There are different theories about the occurrence of endometriosis. These theories, to some extent, can only partially explain the origin and development of the condition. Some of these theories include embryonic, lymphatic, immune, genetic ones, etc. The degree and severity of the disease can be influenced by various factors and epigenetic mechanisms, such as oxidative stress and inflammatory processes [5, 6]. Among the theories of endometriosis, the most widely accepted is the Sampson’s retrograde menstruation theory, which suggests that endometrial cells can be found outside the uterine cavity due to their passage through the fallopian tubes during menstruation. The adhesion and invasion of endometrial cells are believed to cause an inflammatory response, which locally attracts activated macrophages and leukocytes. The continuous growth of these foci is linked to immune system dysfunction and the induction of oxidative stress [7]. The release of hemoglobin and iron from erythrocytes activates macrophages, which leads to the production of inflammatory factors, including interleukins (IL-1, IL-6) and tumor necrosis factor alpha (TNF-α) [8], and promotes the formation of reactive oxygen species. In healthy individuals, reactive oxygen species are normally produced during the oxygen metabolism process in the body, where a balance between pro-oxidant and antioxidant systems is maintained. An imbalance and an increase in the concentration of reactive oxygen species lead to cell proliferation [9] and excessive activation of the nuclear factor kappa B (NF-κB) under the influence of IL-6 and TNF-α. This, in turn, enhances the invasive and adhesive abilities of endometrial cells and stimulates angiogenesis and inflammation [10]. Studies have shown a correlation between endometriosis and increased levels of cytokines in the peritoneal fluid, suggesting a chronic inflammatory process in the peritoneum [10, 11]. Chronic inflammation stimulates free nerve endings activated by various damaging stimuli (nociceptors), alters nociceptive pathways and leads to peripheral and central sensitization. These processes play a significant role in the development of CPP in endometriosis [11].
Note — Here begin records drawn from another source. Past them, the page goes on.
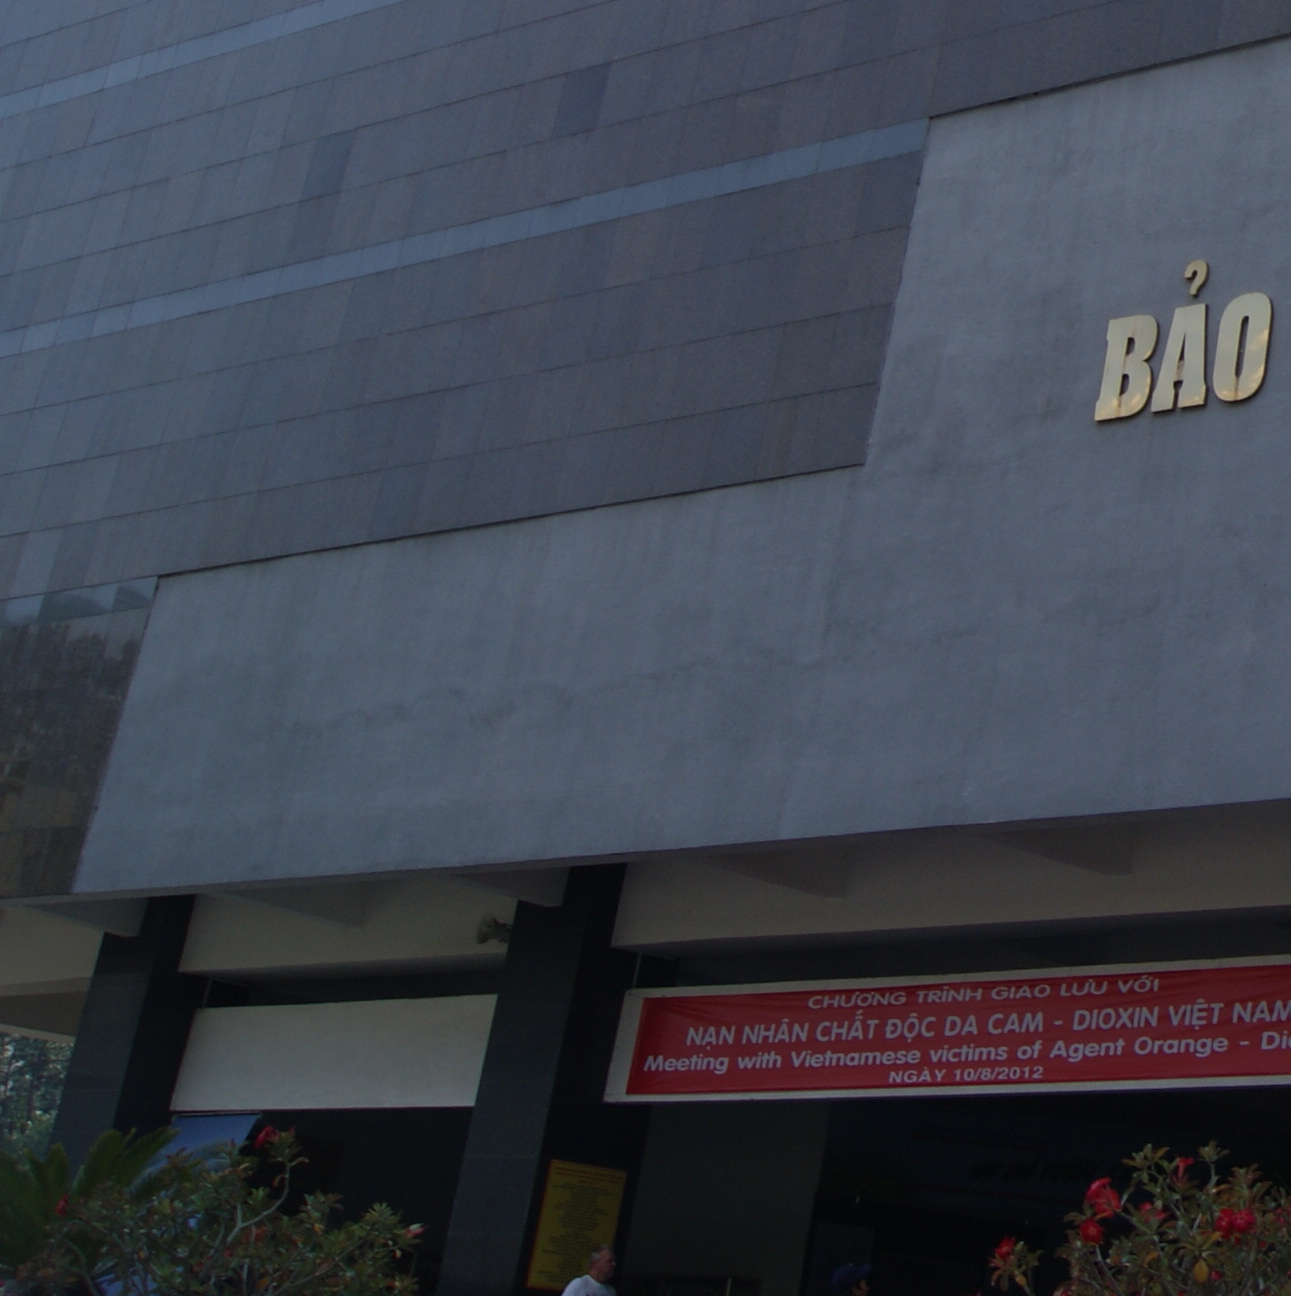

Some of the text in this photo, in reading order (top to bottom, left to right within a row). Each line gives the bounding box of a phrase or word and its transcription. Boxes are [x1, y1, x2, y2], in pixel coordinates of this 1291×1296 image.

[1094, 260, 1272, 422] BẢO
[808, 975, 1160, 1009] CHƯƠNG TRÌNH GIAO LƯU VỚI
[686, 1025, 736, 1050] NẠN
[741, 1018, 809, 1044] NHÂN
[816, 1010, 879, 1042] CHẤT
[885, 1012, 937, 1043] ĐỘC
[944, 1014, 978, 1037] DA
[987, 1012, 1044, 1035] CAM
[1072, 1006, 1159, 1031] DIOXIN
[1168, 998, 1225, 1031] VIỆT
[643, 1053, 729, 1075] Meeting
[737, 1050, 782, 1069] with
[790, 1049, 921, 1067] Vietnamese
[930, 1043, 1008, 1062] victims
[1017, 1039, 1044, 1060] of
[1049, 1038, 1125, 1063] Agent
[1134, 1035, 1229, 1058] Orange
[888, 1065, 1044, 1084] NGÀY 10/8/2012
According to the Russian clinical guidelines, the treatment of endometriosis depends on its severity and can be either conservative or surgical. The primary treatment involves laparoscopic removal of the lesions, followed by long-term therapy to prevent recurrence [12]. Conservative therapy includes progestins, combined hormonal contraceptives, and gonadotropin-releasing hormone agonists. Endometriosis treatment should aim to achieve the following goals: pain relief, suppression of the growth of endometriotic lesions, and prevention of the disease recurrence. Statistics show that the recurrence rate after surgical treatment reaches 50% within 5–7 years in case the patients do not receive treatment for endometriosis [13]. The systematic review that was conducted in 2017 and included 58 studies demonstrated the findings on the recurrence of pain syndrome after surgery or the end of drug therapy in 17–34% of women with endometriosis, and the lack of effect from therapy was observed in 5–59% of respondents [14].
Endometriosis therapy is long-term and requires an individual approach to each patient. Such factors as reproductive plans, the stage of the disease, age, and any concomitant conditions should all be taken into account when determining the best course of treatment. In addition, the drug tolerance and the quality of a woman’s life during treatment should be considered [15].
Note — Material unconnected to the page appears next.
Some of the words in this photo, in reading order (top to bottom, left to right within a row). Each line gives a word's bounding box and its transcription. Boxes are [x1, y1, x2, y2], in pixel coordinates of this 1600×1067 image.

In addition to medical treatment, patients with endometriosis can be offered dietary changes, special diets, yoga, or physical exercise to help manage pain. These approaches are reflected in the international recommendations on endometriosis (European Society of Human Reproduction and Embryology, ESHRE, 2022) that focus on non-pharmacological methods for improving the quality of life of patients [16].
Nutrition is a recognized prognostic and modifiable factor that is directly linked to morbidity, duration, and quality of life [17]. There is evidence that various foods and their components affect the inflammatory processes in patients suffering from the diseases of the female reproductive system [18, 19]. Special attention is currently paid to the role of micronutrients (vitamins, minerals), which are involved in numerous biochemical pathways and are closely interconnected in complex metabolic chains. They participate in maintaining homeostasis, including all types of metabolism, namely redox balance, inflammatory pathways, hormonal regulation. The role of nutrition in the development and treatment of endometriosis has become a subject of interest, as several mechanisms of pathophysiology, such as inflammation and production of prostaglandins and interleukins, can be influenced by diet [20, 21].
Many of the food compounds exhibit antiproliferative, anti-inflammatory, and antioxidant properties, so dietary changes can help reduce the levels of inflammatory markers (e.g. IL-1, IL-6, or TNF-α, etc.), which are usually elevated in endometriosis [22]. Optimization of the diet affects the activity of prostaglandins, which are produced in large quantities in a chronic inflammatory response [23]. Research into the correlation between the Dietary Inflammatory Index (DII, which evaluates the balance of pro- and anti-inflammatory dietary factors and inflammation markers) and the risk of endometriosis revealed that increased intake of pro-inflammatory foods and a higher DII score (2.11 compared to 1.84, p=0.003) were associated with an increased risk of the disease [22].
Adding anti-inflammatory foods to the diet, such as legumes and calcium-rich dairy products, is linked to lower levels of inflammation markers, including C-reactive protein (CRP), IL-1, IL-6, TNF-α, and reactive oxygen species [23, 24].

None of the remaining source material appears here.